■ Saved data entries ■
-*-*-
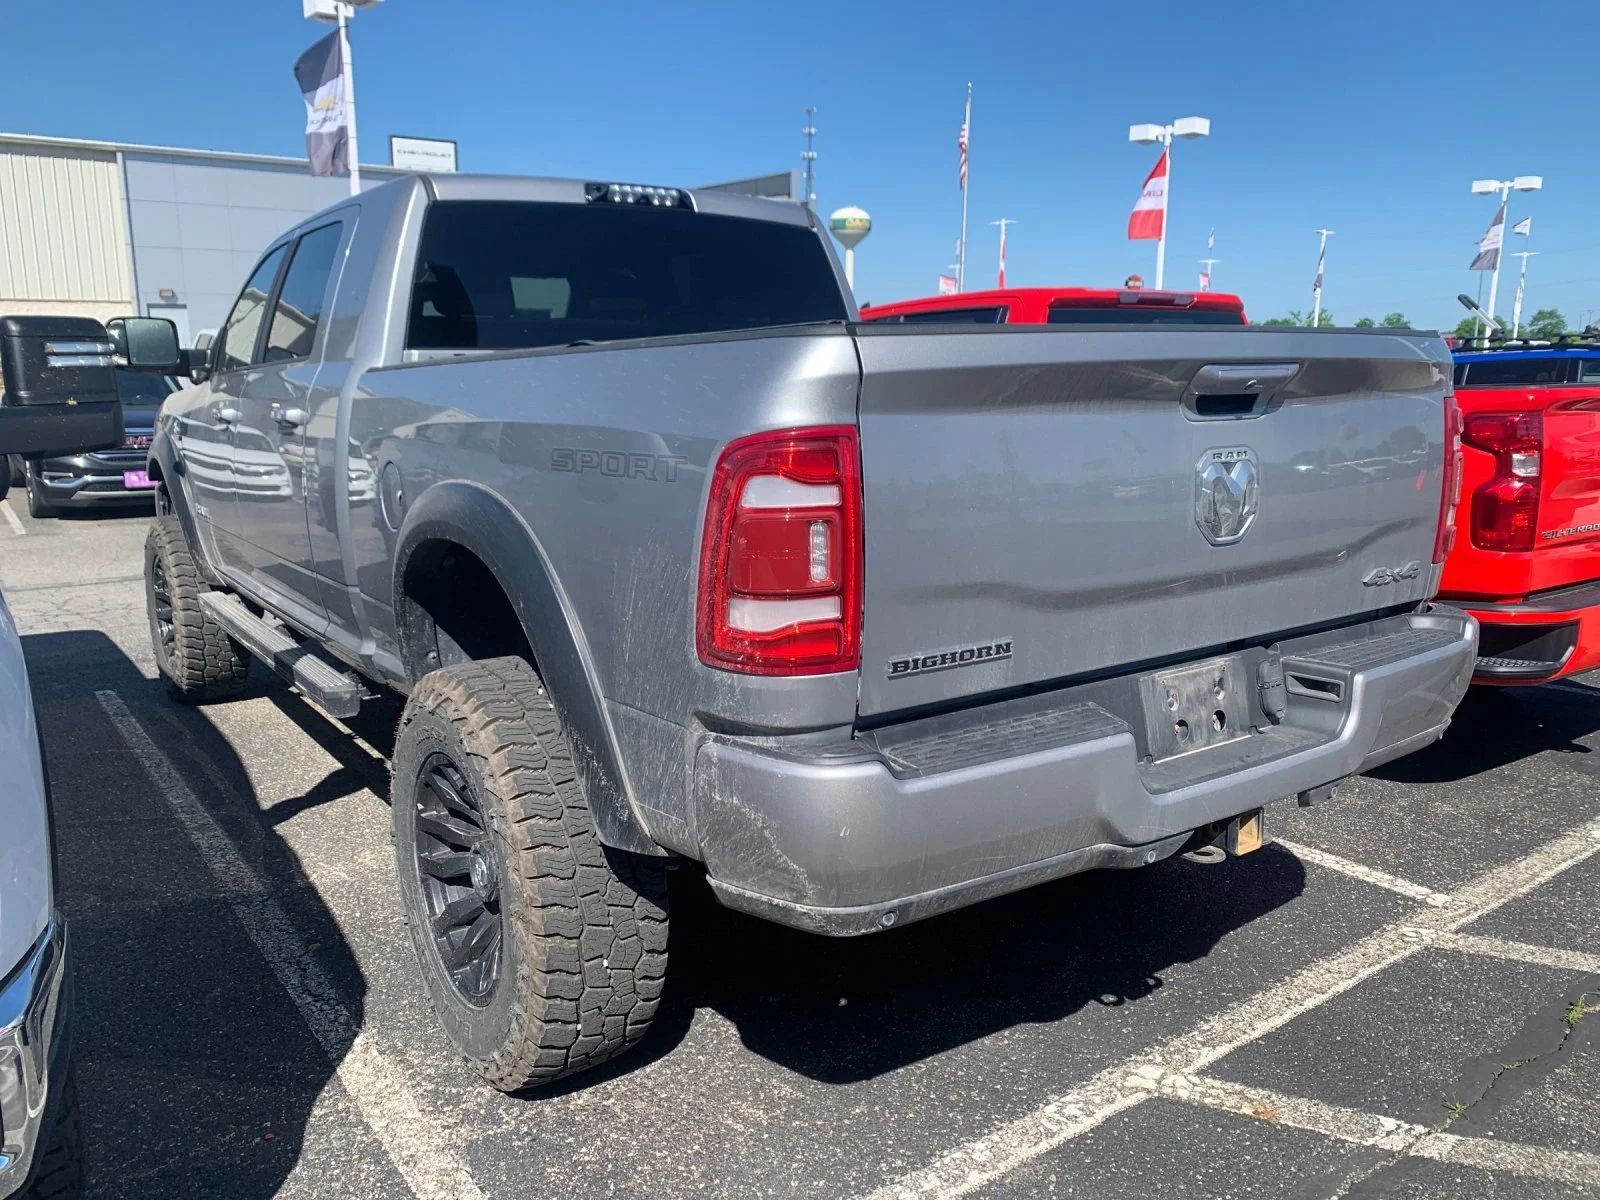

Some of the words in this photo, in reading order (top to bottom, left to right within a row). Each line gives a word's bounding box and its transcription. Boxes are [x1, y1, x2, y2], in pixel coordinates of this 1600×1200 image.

[550, 447, 687, 482] SPORT
[1213, 450, 1248, 460] RAM
[1542, 523, 1600, 539] SILVERAD
[888, 640, 1012, 679] BIGHORN
-*-*-
■ Assigned task ■
Output each entry above word for word. The pictures stay out.

■ Solution for this problem ■
Some of the words in this photo, in reading order (top to bottom, left to right within a row). Each line gives a word's bounding box and its transcription. Boxes are [x1, y1, x2, y2], in pixel coordinates of this 1600×1200 image.

[550, 447, 687, 482] SPORT
[1213, 450, 1248, 460] RAM
[1542, 523, 1600, 539] SILVERAD
[888, 640, 1012, 679] BIGHORN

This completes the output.